# 2017-10-10 - Docker dies on a few Azure nodes

## Summary

On Oct 10, 2017, some user pods were not starting or terminating correctly. After checking node status, it was found that all affected pods were running on two specific nodes. The docker daemon wasn't responsive on these nodes so they were cordoned off. User pods were then able to start correctly.

## Timeline

### 2017-05-09 10:45a

A report in the course Piazza said that two students couldn't start their servers. The /hub/admin interface was not able to start them either. It was reported that the students may have run out of memory.

### 12:29p

The user pods were stuck in Terminating state and would not respond to explicit delete.
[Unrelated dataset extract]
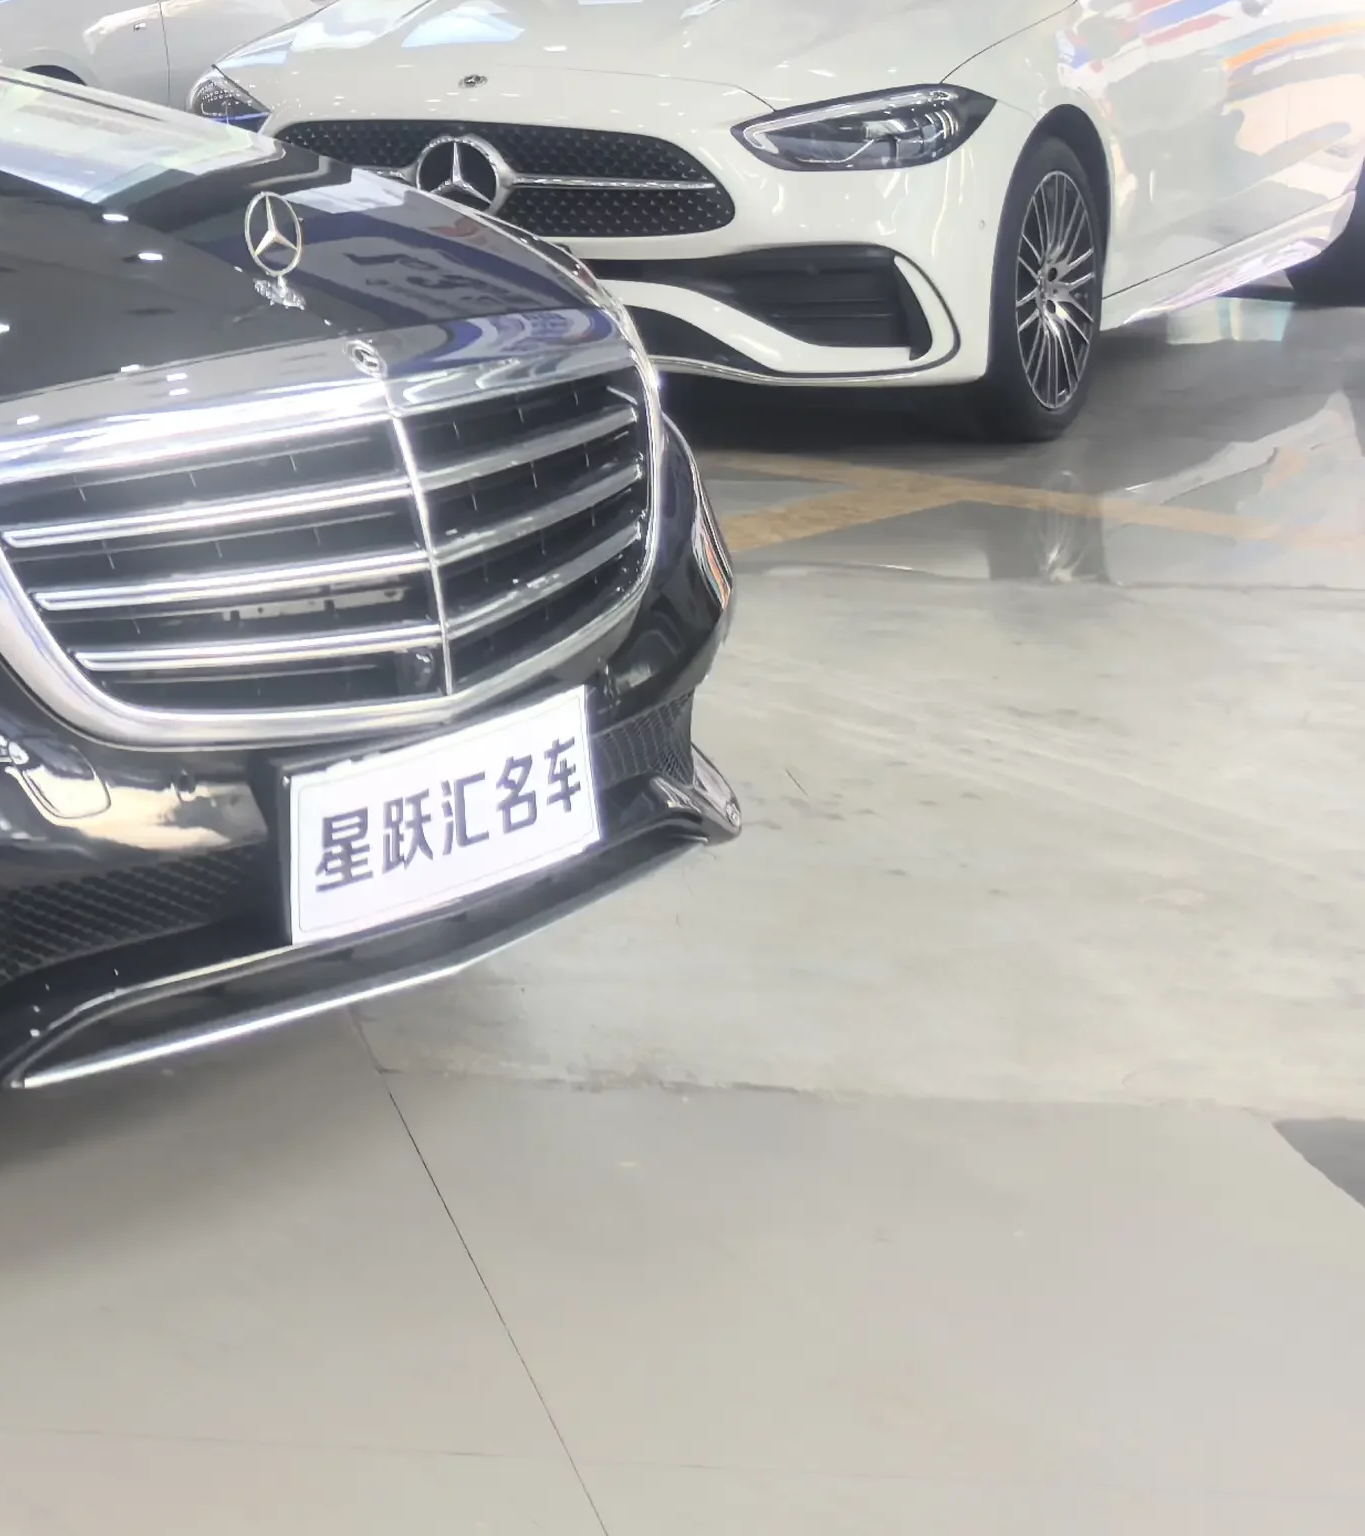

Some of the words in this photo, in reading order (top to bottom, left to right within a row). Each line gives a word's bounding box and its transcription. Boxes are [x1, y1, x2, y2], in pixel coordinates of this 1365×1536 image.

The pods were forcefully deleted with `kubectl --namespace=prod delete pod jupyter-<name> --grace-period=0 --force`. The user pods started correctly via /hub/admin.

### 13:27

It was reported in the course slack that another student's server wasn't starting correctly. After checking one of the pod logs, it was observed that the node hosting the pods, k8s-pool1-19522833-13, was also hosting many more pods stuck in a Terminating state. `docker ps` was hanging on that node. The node was cordoned.

### 13:42

It was reported in slack that the student's server was able to start.

By this time, the cluster was checked for all pods to see if any other nodes were hosting an unusual number of pods in Terminating. It was found that k8s-pool2-19522833-9 was in a similar state. All stuck pods on that node were forcefully deleted and the node was also cordoned. `docker ps` was hung on that node too. pool2-...-9 had a load of 530 while pool1-...-13 had a load of 476. On the latter, hypercube was at 766% cpu utilization while it was nominal on the former. Node pool1-...-13 was rebooted from the shell however it did not come back online. The node was manually restarted from the Azure portal but it still didn't come back.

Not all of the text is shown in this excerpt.